Johnson and Petrie have written a comprehensive evaluation of Tarkovsky’s films and analysed his distinctive cinematic techniques. They are more thorough than Mark Le Fanu and will remain the best guides to this enigmatic genius. Their analysis of what they call Tarkovsky’s thematic and image clusters defines these films as poetic in the most sublime sense. One of the successes of this book is in the originality of the authors’ reading of the films. Not until I read their commentary did I grasp the connection in ‘Mirror’ between Lenardo Da Vinci’s broken mirrors and the luminous juxtapositioning of the Cyrillic script of the captions. Similarly, the Breughel painting at the end of ‘Solaris’ would have remained a mystery to me had not the authors found its relevance to the landscape and Tarkovsky’s symbolic purchase on it.

The ‘visual fugue’ in the title speaks eloquently of Tarkovsky’s jumbling of the artistic genres in his work. This is an appropriate description of his method and captures its ambidexterity.

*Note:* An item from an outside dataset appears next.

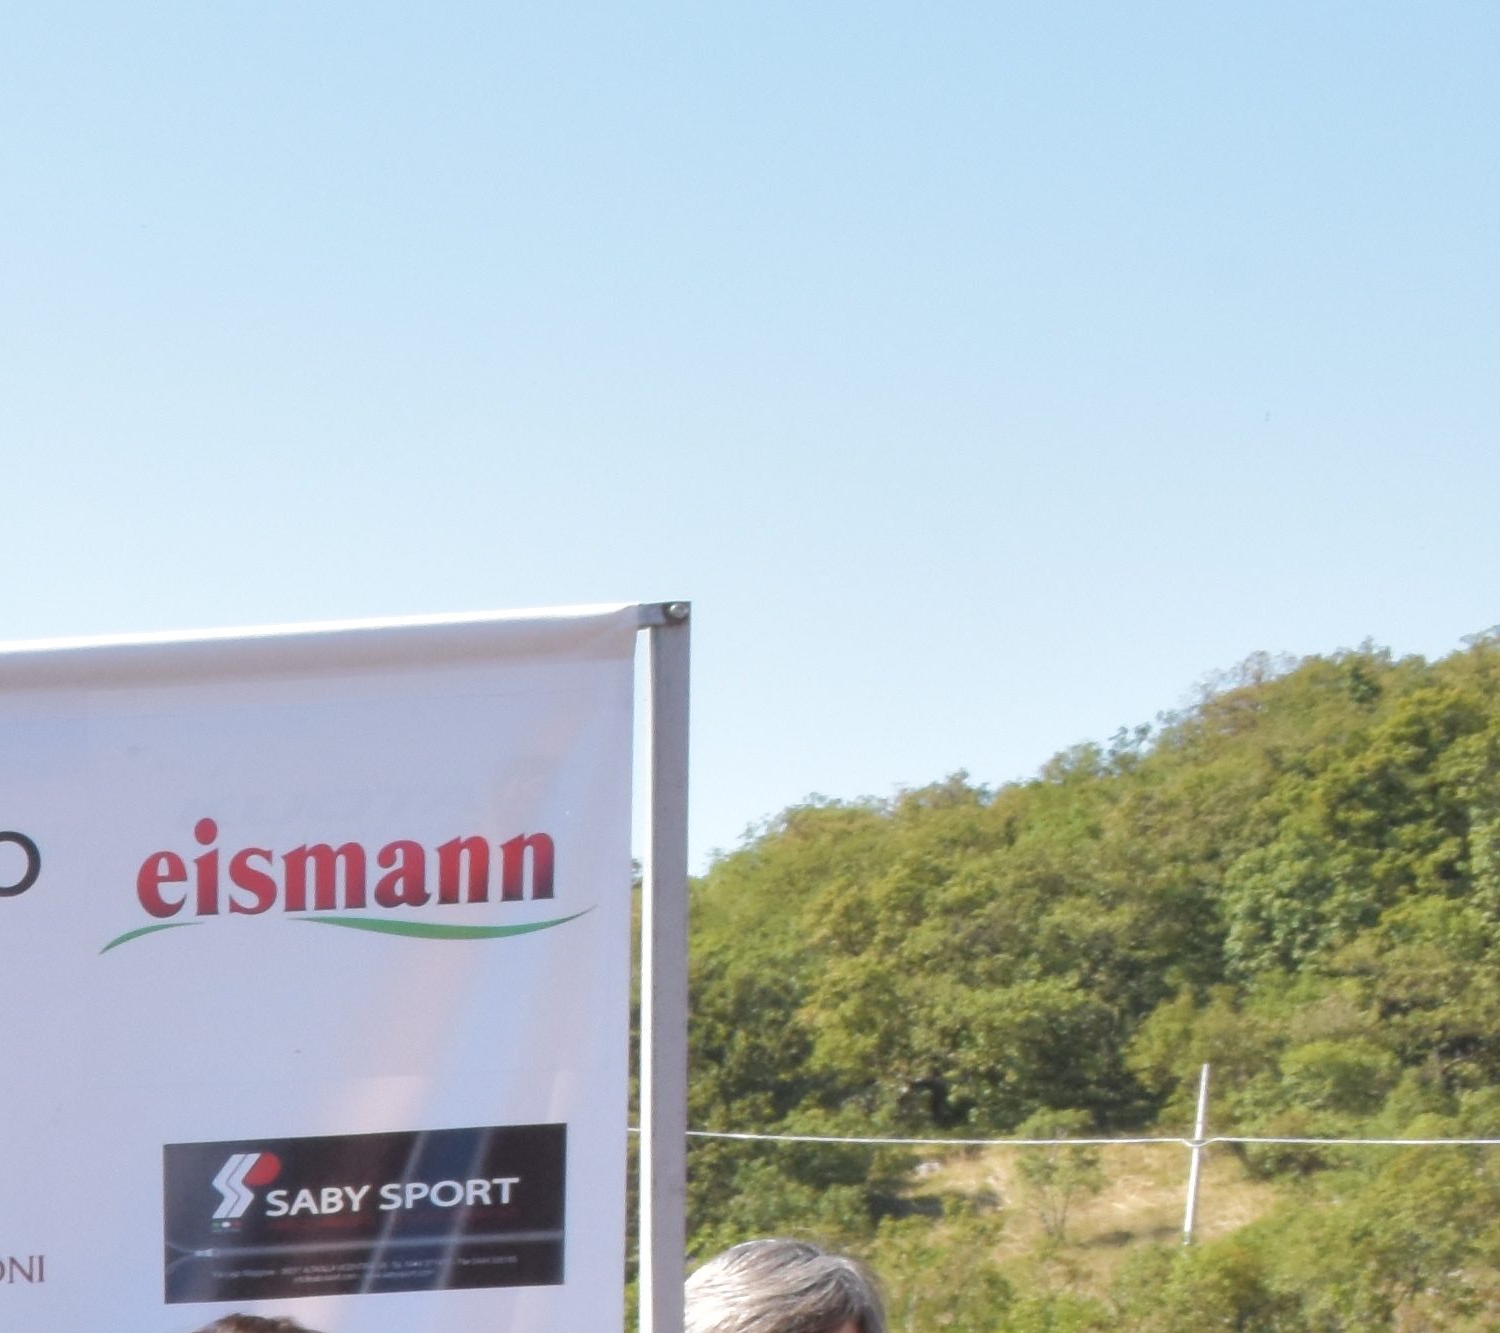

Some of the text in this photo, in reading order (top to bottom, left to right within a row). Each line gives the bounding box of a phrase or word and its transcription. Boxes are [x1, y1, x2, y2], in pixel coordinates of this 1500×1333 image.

[136, 817, 557, 918] eismann
[266, 1177, 520, 1217] SABY SPORT

In a poem by Arseny Tarkovsky, used in ‘The Stalker’, the poet says “What is soft and weak is good: hardness is close to death”. Perhaps this is Tarkovsky’s credo. Does it imply his openness to experience? His distrust of the given, the prescribed? Tarkovsky’s own readiness to confront extremes is a clue to his religious acceptance of suffering, of the paradox of being human. The rest, the ancient sages would aver, is silence, as of the Space Sea in ‘Solaris’.